◆ **Data listing**

========

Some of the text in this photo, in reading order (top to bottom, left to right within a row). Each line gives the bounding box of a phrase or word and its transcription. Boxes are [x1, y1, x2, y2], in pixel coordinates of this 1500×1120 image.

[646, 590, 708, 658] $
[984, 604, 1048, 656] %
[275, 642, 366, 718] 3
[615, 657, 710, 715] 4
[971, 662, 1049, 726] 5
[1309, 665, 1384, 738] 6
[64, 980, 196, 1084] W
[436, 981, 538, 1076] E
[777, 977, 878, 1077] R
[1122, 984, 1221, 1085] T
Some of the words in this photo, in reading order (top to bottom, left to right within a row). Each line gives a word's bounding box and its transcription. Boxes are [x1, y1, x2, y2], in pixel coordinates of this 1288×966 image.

========

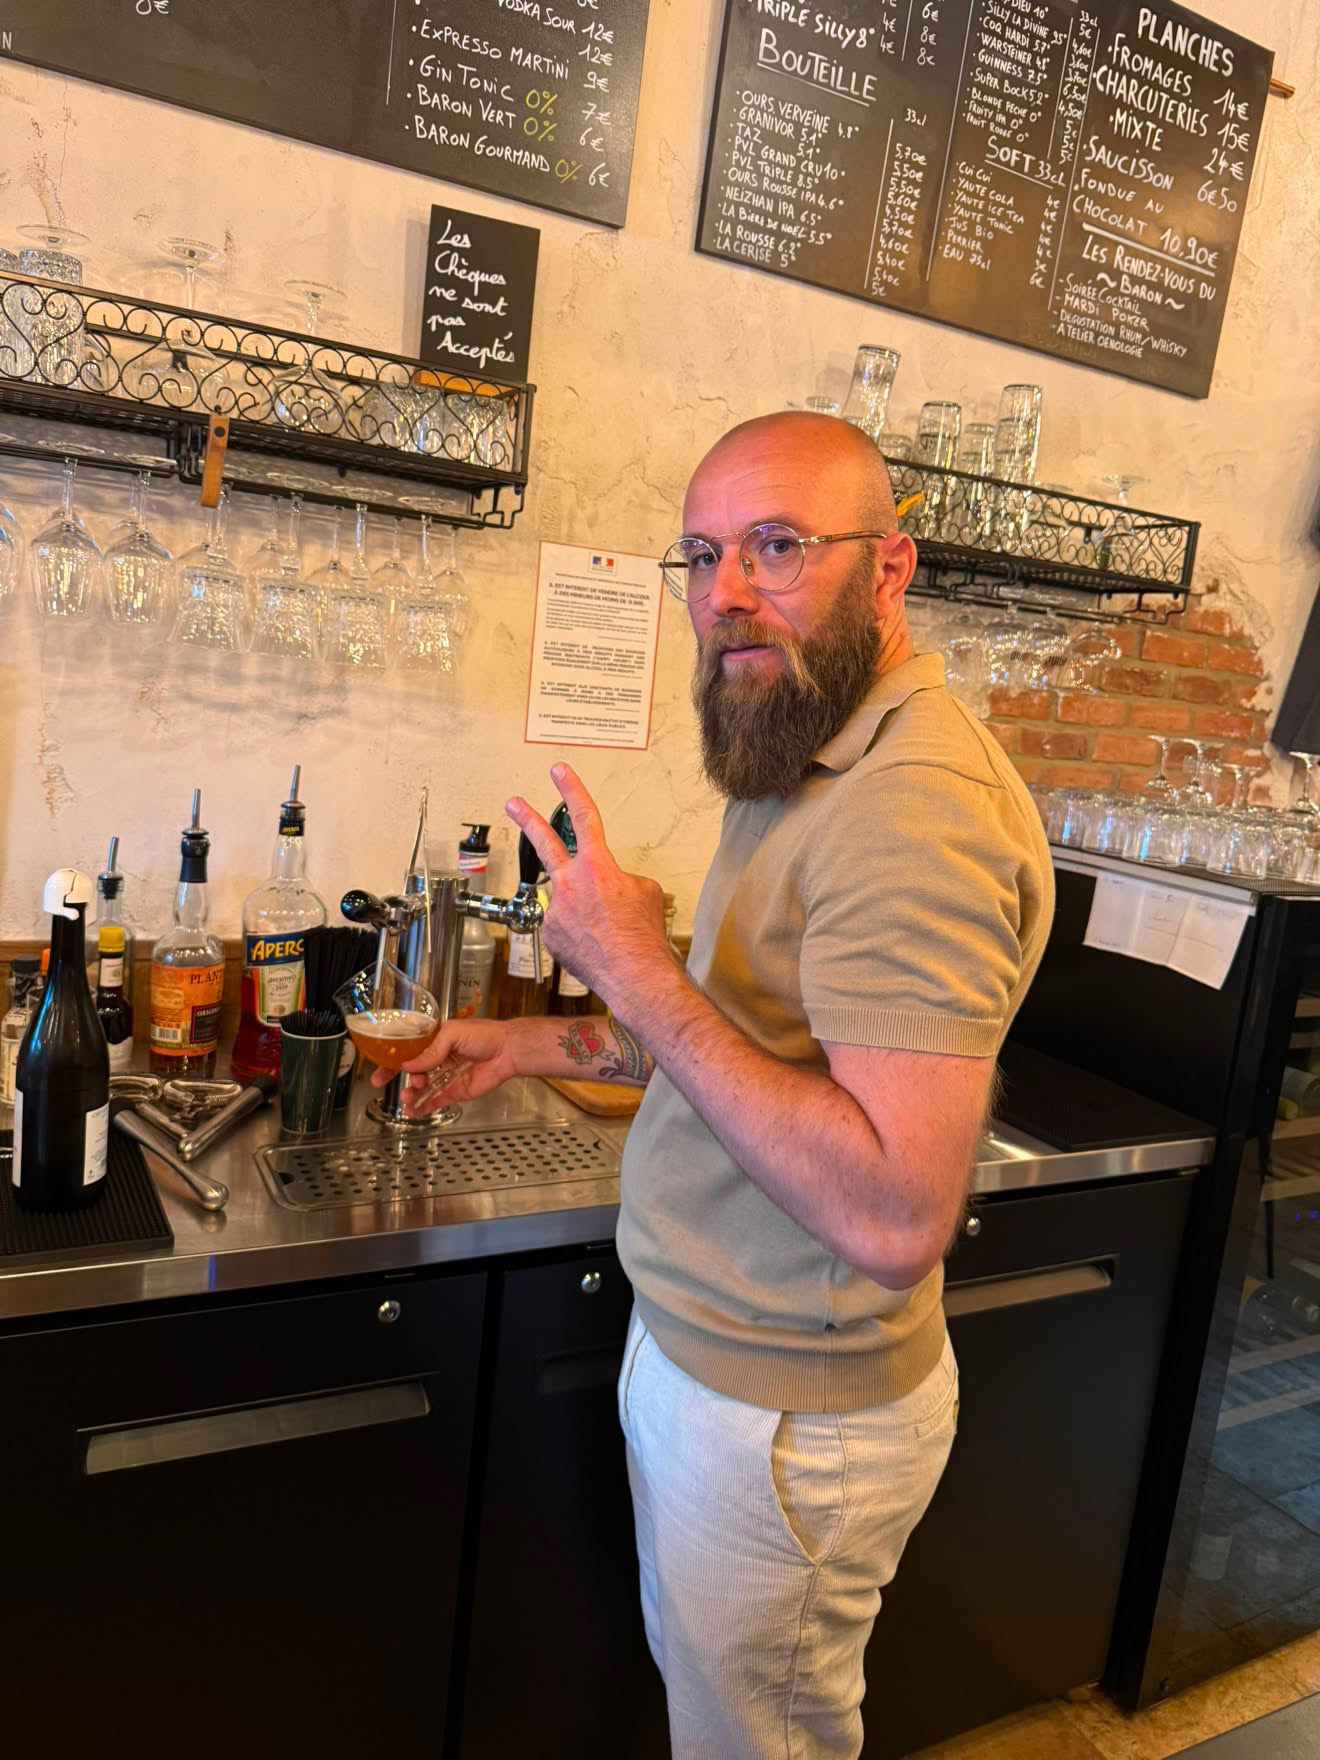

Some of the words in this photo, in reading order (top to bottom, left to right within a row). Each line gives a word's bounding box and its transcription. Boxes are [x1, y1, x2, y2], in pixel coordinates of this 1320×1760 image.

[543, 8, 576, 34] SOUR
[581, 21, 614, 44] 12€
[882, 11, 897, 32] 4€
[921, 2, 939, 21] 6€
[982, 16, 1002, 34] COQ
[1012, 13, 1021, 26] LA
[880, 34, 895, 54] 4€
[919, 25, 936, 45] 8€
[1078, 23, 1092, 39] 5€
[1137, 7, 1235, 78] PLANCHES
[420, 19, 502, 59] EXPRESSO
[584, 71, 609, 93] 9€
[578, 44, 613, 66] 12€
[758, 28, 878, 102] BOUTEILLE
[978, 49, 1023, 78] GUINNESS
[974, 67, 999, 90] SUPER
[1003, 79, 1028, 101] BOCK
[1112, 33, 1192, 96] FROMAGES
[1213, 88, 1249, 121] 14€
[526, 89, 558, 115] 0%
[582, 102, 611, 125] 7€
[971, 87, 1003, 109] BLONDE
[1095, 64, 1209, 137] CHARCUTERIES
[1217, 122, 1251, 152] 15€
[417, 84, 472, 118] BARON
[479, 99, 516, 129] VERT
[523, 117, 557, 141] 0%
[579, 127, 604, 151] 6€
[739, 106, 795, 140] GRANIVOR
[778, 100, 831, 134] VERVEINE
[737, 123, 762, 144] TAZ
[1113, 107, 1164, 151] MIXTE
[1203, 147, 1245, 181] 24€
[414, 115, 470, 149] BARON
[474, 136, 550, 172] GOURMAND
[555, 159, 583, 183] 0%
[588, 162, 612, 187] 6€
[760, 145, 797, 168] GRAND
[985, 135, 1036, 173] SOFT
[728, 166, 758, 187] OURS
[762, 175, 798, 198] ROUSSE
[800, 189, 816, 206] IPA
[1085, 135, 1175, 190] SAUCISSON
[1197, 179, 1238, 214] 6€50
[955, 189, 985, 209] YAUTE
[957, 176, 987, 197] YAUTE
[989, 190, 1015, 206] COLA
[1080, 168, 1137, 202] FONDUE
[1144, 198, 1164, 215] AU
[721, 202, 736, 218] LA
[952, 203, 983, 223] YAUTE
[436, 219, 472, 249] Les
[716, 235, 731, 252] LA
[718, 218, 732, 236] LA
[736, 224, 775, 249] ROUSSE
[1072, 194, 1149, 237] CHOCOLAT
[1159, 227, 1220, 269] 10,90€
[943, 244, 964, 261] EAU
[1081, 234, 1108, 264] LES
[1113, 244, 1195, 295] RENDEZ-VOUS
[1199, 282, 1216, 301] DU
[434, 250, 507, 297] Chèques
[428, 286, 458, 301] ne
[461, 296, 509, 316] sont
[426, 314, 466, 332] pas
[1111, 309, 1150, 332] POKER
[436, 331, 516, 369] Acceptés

========

◆ **Exercise prompt**
From the records above, copy only the lines starting with the line that holds "Some of the text" and going on through the line that holds "this 1288×966 image.", exactly as written.

◆ **Problem solution**
Some of the text in this photo, in reading order (top to bottom, left to right within a row). Each line gives the bounding box of a phrase or word and its transcription. Boxes are [x1, y1, x2, y2], in pixel coordinates of this 1500×1120 image.

[646, 590, 708, 658] $
[984, 604, 1048, 656] %
[275, 642, 366, 718] 3
[615, 657, 710, 715] 4
[971, 662, 1049, 726] 5
[1309, 665, 1384, 738] 6
[64, 980, 196, 1084] W
[436, 981, 538, 1076] E
[777, 977, 878, 1077] R
[1122, 984, 1221, 1085] T
Some of the words in this photo, in reading order (top to bottom, left to right within a row). Each line gives a word's bounding box and its transcription. Boxes are [x1, y1, x2, y2], in pixel coordinates of this 1288×966 image.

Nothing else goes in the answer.